Affection Deficit Disorder

Dear Love Addict: You Aren’t Going to Like This

“I don’t care how long you’ve been clean and sober.  Drug addicts and alcoholics should not have handguns in the house.”  That advice was given to a roomful of clean and sober addicts and alcoholics, me among them, twentysomething years ago.  The advice-giver went on to say that addicts and alcoholics are by nature over-sensitive and over-reactive, and can’t trust ourselves not to make a lethal snap judgment.

 All these years later, science has proven her right.  The recent, much-publicized sibling study at Cambridge University demonstrated an inherited defect in the decision-making brain tissue of addict families.  It doesn’t matter whether or not the sibling is actually using drugs (although I would love to get a look at the “normal” sibling’s eating, smoking and gambling habits!) — some people are hard-wired for impulsivity.

We already knew that anecdotally, of course, but it’s always nice to see it in a controlled double-blind research paper. And as long as we’re applying it to handgun ownership, I don’t mind one way or the other, since I never felt the need to own a handgun.

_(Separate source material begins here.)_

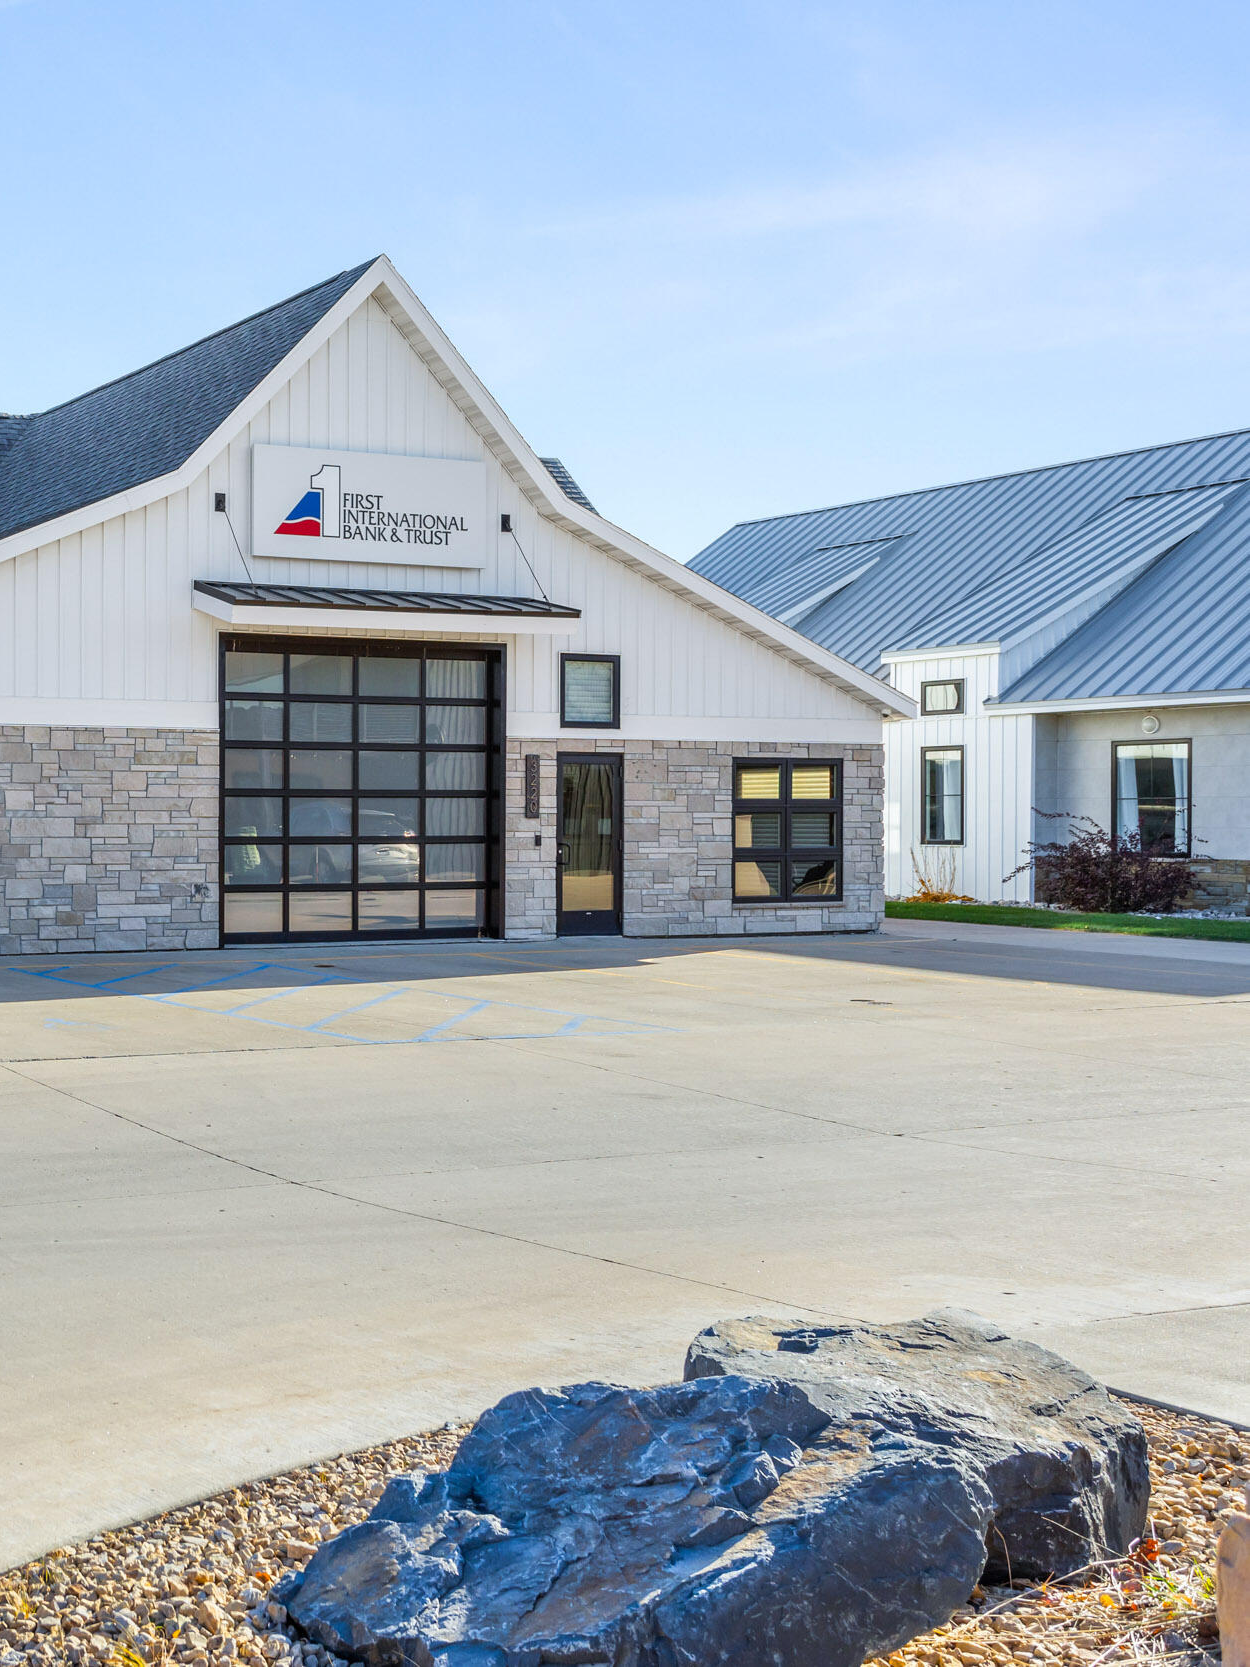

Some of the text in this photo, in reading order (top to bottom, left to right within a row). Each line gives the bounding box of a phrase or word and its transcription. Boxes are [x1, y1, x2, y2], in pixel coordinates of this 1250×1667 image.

But if we extend the science  — and we should, although even I don’t like where this is heading — sex and love addicts really shouldn’t be cruising online, either, whether in recovery or in active addiction.  Internet dating is not a good idea for any addict or alcoholic, really.  Here’s why:

Those of us with the genetic predisposition for addiction not only have quirky deciding brain cells, we also have quirky rewarding brain cells.  When these reward cells — the dopamine receptors — work poorly, you have trouble feeling pleasure.  So, impulsively and without much thought to the consequences thanks to Quirk A, addicts-in-training do things to increase our dopamine production.  Fast cars, maybe, or sky-diving.  Usually, it’s your basic sex, drugs and rock’n’roll.  Works great to increase dopamine production.  Sadly, all that nice positive feedback sets us up for some pretty negative habits.  

What has this got to do with online dating?  Novelty and anticipation stimulate dopamine production.  A lot.  Think about the gambler at the slot machine, compulsively pulling the handle because the expectation of a jackpot is so enthralling.  Or the rat in a Skinner box, tapping the lever in expectation of food.  How different is that from you clicking your way through QuickMatch on OK Cupid? 

“Next!  Next!  Next!”  This the happy cry of a brain feeding on hits of dopamine.  Which is fine, as long as you keep feeding it.  A neurochemical surge is invariably followed by a neurochemical withdrawal, followed by a craving, followed by another hit, followed by… yeah, you’re way ahead of me.  Be honest: How many years do you want to speed date?  

Don’t shoot me; I’m only the messenger.  You aren’t even supposed to have a handgun in the house, remember?